Task material:
=-=-=-=-=

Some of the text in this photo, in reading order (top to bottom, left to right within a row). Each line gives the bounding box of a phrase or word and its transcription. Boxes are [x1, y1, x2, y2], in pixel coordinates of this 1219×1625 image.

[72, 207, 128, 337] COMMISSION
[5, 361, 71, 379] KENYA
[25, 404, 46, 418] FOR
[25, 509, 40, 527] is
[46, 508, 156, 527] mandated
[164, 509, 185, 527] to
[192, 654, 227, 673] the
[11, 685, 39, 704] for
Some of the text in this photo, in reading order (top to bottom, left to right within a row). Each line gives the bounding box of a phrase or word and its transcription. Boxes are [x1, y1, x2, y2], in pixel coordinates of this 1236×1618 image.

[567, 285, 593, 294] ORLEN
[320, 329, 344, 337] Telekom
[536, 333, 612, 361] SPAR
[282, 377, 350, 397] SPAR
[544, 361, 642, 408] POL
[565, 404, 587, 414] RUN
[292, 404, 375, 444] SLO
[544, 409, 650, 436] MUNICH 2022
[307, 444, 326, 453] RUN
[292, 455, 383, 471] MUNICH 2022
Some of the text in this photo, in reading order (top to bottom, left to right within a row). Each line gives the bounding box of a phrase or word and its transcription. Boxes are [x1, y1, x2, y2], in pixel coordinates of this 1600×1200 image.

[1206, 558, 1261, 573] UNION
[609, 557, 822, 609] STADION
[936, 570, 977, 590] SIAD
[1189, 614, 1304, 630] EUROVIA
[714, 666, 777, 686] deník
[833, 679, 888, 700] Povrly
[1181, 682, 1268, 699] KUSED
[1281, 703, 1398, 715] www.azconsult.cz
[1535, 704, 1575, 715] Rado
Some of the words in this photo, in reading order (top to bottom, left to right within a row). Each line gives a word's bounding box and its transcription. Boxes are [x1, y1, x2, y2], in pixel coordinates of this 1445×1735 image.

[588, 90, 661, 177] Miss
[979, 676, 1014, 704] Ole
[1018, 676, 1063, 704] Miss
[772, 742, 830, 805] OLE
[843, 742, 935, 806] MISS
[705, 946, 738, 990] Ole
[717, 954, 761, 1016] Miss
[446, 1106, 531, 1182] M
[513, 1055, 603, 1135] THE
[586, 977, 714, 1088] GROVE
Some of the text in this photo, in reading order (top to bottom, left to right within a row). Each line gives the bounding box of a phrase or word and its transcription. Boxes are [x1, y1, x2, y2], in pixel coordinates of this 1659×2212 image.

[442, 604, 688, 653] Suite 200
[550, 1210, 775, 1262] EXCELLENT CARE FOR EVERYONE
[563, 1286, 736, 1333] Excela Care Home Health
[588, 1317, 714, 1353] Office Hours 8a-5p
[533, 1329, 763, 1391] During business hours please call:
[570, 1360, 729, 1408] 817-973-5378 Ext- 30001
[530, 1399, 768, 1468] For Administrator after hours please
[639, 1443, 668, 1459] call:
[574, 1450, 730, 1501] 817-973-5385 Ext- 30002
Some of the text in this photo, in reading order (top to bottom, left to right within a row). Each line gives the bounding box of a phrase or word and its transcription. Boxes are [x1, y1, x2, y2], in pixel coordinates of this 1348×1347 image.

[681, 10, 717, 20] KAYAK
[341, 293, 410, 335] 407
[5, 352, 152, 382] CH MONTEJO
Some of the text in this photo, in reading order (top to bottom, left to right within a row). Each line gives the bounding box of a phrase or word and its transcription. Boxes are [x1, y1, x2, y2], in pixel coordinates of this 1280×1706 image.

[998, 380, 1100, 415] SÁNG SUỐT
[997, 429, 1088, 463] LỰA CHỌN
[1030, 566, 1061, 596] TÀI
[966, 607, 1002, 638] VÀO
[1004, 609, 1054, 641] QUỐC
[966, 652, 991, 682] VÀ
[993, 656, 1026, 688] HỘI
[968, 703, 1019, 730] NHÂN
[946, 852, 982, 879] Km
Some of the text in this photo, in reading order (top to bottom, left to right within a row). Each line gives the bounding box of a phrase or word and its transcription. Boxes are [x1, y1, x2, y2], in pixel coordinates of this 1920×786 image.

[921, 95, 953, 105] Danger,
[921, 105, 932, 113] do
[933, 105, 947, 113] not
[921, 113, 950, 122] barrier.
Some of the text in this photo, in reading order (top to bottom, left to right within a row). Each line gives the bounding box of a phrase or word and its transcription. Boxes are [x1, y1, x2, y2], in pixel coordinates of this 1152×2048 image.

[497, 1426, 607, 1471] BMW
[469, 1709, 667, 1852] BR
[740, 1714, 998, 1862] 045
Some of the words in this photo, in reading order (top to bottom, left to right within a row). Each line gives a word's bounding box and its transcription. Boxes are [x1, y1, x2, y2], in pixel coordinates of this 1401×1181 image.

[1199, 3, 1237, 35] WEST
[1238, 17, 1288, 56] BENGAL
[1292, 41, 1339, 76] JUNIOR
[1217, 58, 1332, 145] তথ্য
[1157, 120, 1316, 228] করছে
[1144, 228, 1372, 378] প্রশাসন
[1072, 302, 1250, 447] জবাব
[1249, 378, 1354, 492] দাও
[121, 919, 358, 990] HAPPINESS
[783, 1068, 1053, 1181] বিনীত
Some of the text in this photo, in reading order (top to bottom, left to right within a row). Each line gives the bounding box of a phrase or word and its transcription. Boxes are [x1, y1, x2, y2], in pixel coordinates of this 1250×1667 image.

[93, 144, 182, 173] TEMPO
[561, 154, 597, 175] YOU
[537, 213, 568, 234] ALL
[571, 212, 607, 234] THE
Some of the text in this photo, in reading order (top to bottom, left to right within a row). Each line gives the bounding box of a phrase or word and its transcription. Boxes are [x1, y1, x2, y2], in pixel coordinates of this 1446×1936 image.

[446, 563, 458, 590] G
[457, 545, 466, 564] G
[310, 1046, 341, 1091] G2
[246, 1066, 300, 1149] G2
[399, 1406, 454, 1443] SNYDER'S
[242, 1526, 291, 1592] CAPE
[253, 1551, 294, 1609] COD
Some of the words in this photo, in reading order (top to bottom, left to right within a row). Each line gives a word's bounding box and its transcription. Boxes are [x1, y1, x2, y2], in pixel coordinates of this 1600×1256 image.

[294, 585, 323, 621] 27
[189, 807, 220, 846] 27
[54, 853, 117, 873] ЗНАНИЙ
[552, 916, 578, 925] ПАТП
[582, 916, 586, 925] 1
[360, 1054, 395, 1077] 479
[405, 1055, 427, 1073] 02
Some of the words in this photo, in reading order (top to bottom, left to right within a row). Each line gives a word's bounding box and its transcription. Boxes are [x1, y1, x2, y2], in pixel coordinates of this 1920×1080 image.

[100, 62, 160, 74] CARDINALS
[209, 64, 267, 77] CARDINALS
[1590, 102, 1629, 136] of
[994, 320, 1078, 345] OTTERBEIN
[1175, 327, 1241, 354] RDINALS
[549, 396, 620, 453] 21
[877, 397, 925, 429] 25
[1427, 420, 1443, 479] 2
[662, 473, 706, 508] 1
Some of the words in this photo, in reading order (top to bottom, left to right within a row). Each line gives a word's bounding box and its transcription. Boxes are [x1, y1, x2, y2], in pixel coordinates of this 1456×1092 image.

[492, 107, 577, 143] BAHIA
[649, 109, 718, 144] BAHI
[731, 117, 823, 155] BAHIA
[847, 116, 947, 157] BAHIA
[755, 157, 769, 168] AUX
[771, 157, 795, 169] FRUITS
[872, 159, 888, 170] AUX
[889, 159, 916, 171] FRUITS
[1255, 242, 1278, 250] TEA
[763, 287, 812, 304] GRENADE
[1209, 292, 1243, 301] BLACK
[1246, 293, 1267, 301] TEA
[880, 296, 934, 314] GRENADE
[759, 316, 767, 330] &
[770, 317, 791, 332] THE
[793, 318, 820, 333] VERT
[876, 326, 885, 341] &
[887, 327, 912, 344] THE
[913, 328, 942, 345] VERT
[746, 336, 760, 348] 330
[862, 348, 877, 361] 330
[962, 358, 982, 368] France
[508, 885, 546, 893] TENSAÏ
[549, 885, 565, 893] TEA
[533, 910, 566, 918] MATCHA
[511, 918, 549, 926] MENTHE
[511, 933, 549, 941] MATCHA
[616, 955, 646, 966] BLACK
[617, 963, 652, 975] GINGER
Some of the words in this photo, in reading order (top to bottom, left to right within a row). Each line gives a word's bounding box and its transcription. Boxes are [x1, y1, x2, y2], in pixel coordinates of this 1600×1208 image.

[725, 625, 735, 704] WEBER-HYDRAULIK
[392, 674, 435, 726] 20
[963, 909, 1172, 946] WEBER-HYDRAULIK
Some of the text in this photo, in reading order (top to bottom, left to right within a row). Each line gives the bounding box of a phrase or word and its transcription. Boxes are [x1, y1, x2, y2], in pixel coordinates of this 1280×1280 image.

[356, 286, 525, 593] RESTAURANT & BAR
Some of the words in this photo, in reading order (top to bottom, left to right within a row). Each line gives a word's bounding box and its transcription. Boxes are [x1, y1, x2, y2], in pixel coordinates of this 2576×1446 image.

=-=-=-=-=

What you should do: Only the last part of the records is wanted. Repeat it exactly, beginning at the line containing "this 1600×1208 image." and ending at the final line.

Solution:
Some of the words in this photo, in reading order (top to bottom, left to right within a row). Each line gives a word's bounding box and its transcription. Boxes are [x1, y1, x2, y2], in pixel coordinates of this 1600×1208 image.

[725, 625, 735, 704] WEBER-HYDRAULIK
[392, 674, 435, 726] 20
[963, 909, 1172, 946] WEBER-HYDRAULIK
Some of the text in this photo, in reading order (top to bottom, left to right within a row). Each line gives the bounding box of a phrase or word and its transcription. Boxes are [x1, y1, x2, y2], in pixel coordinates of this 1280×1280 image.

[356, 286, 525, 593] RESTAURANT & BAR
Some of the words in this photo, in reading order (top to bottom, left to right within a row). Each line gives a word's bounding box and its transcription. Boxes are [x1, y1, x2, y2], in pixel coordinates of this 2576×1446 image.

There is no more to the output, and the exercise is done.